Hohe Inflation und eine schwache Wirtschaftsentwicklung sind eine toxische Kombination. Volkswirte bezeichnen diese Situation als Stagflation, also eine Kombination aus wirtschaftlicher Stagnation und hoher Inflation. Die Gefahr, dass Deutschland und Europa in diese Lage geraten und dann nicht so schnell wieder herausfinden, ist gerade groß (in den USA ist die Inflation zwar auch hoch, aber die Wirtschaft brummt).

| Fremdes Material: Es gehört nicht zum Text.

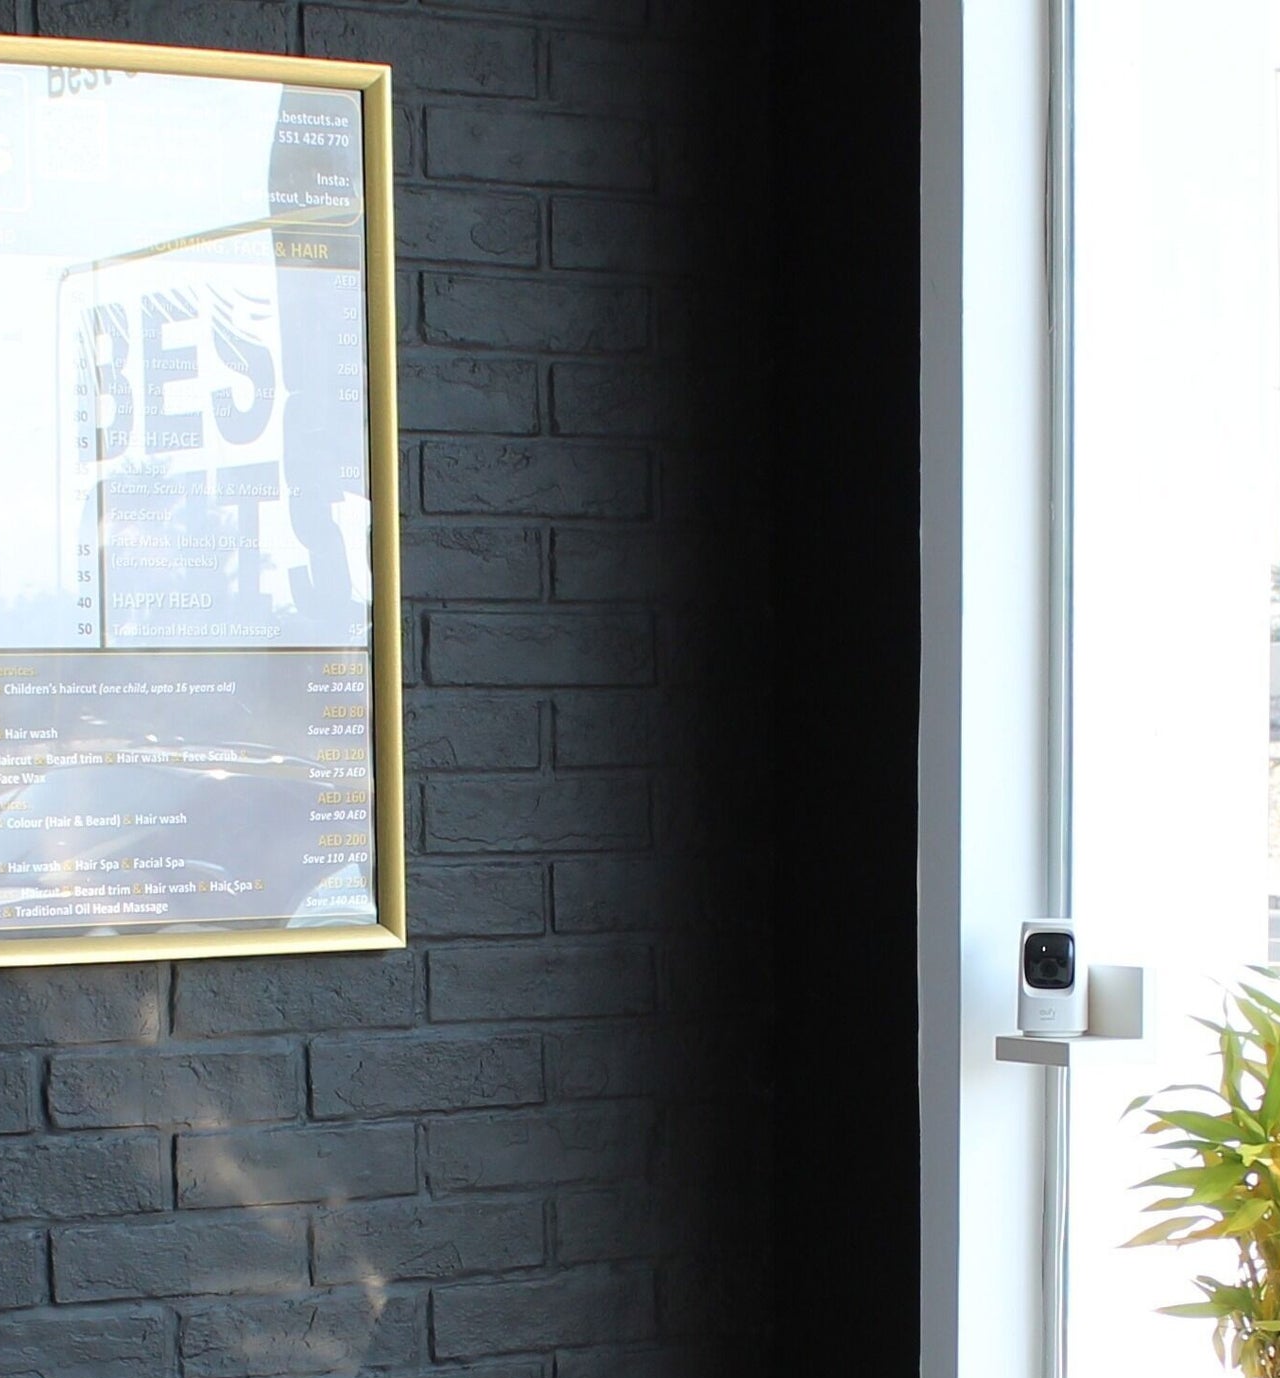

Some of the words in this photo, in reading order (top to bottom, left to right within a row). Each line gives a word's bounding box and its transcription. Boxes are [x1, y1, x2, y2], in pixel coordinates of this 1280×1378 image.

[279, 130, 301, 145] 551
[302, 132, 325, 146] 426
[326, 133, 350, 148] 770
[317, 172, 350, 187] Insta:
[291, 243, 328, 259] HAIR
[343, 308, 357, 319] 50
[337, 333, 357, 346] 100
[337, 363, 358, 375] 260
[338, 389, 358, 401] 160
[161, 432, 203, 448] FACE
[338, 466, 360, 479] 100
[139, 535, 172, 549] Mask
[176, 534, 217, 551] (black)
[218, 536, 237, 550] OR
[76, 571, 91, 583] 35
[76, 597, 92, 610] 40
[111, 591, 165, 609] HAPPY
[169, 591, 214, 609] HEAD
[77, 623, 92, 636] 50
[179, 623, 209, 637] Head
[210, 623, 227, 636] Oil
[229, 623, 281, 639] Massage
[321, 663, 346, 676] AED
[4, 682, 57, 696] Children's
[58, 682, 97, 696] haircut
[98, 682, 122, 696] (one
[122, 681, 149, 697] child,
[150, 682, 174, 698] upto
[174, 681, 187, 694] 16
[189, 683, 215, 698] years
[216, 680, 237, 695] old)
[306, 681, 329, 693] Save
[330, 681, 343, 693] 30
[344, 681, 364, 693] AED
[321, 705, 346, 719] AED
[4, 727, 28, 740] Hair
[29, 727, 58, 740] wash
[307, 724, 330, 736] Save
[330, 724, 343, 736] 30
[344, 724, 365, 736] AED
[46, 752, 78, 765] Beard
[80, 752, 103, 765] trim
[116, 751, 139, 765] Hair
[141, 751, 169, 764] wash
[183, 750, 206, 762] Face
[207, 749, 238, 762] Scrub
[317, 748, 341, 762] AED
[344, 748, 364, 761] 120
[22, 772, 46, 785] Wax
[308, 767, 332, 779] Save
[332, 767, 345, 779] 75
[345, 766, 365, 778] AED
[317, 791, 342, 804] AED
[6, 816, 43, 830] Colour
[44, 815, 72, 831] (Hair
[73, 815, 84, 828] &
[85, 814, 121, 829] Beard)
[135, 813, 158, 826] Hair
[159, 812, 187, 825] wash
[309, 809, 332, 822] Save
[332, 809, 345, 821] 90
[346, 809, 367, 821] AED
[318, 834, 342, 847] AED
[345, 834, 366, 847] 200
[7, 861, 31, 874] Hair
[32, 860, 61, 874] wash
[75, 859, 98, 873] Hair
[100, 858, 120, 873] Spa
[133, 856, 163, 870] Facial
[164, 856, 185, 871] Spa
[302, 852, 326, 865] Save
[327, 852, 345, 864] 110
[347, 852, 368, 864] AED
[21, 886, 61, 898] Haircut
[74, 885, 106, 898] Beard
[107, 884, 131, 896] trim
[144, 882, 168, 895] Hair
[169, 881, 197, 894] wash
[233, 879, 253, 893] Spa
[305, 896, 329, 908] Save
[14, 905, 74, 919] Traditional
[74, 904, 91, 916] Oil
[92, 902, 121, 916] Head
[122, 901, 169, 917] Massage

Umso wichtiger wäre es, dass die Europäische Zentralbank (EZB) und die Politik beherzt entgegensteuern. Doch sie tun das bislang nicht. Im Gegenteil: Die Berliner Ampelkoalition bringt Entlastungspakete auf den Weg, was die Kaufkraft stärken soll, aber nach Meinung von Ökonomen die Inflation in dieser Lage weiter befeuern könnte. Auch Christine Lagarde, die Präsidentin der EZB, gibt sich seltsam zurückhaltend. Kurz vor Ostern erst war von wieder steigenden Zinsen die Rede, womöglich im Sommer, wann genau, ließ Lagarde aber offen.

Schon klar, die Lage ist kompliziert: Jeder Zinsschritt ist zwar gut gegen die Inflation, aber schlecht für die Konjunktur und für angespannte Staatshaushalte, besonders die der südeuropäischen EU-Länder. Jetzt rächt sich, dass die EZB viel zu lang ihre Niedrigzinspolitik verfolgt hat und die Zügel nicht angezogen hat, als das noch leichter möglich gewesen wäre. Trotzdem ist ein klares Signal der EZB im Kampf gegen die Inflation jetzt wichtig.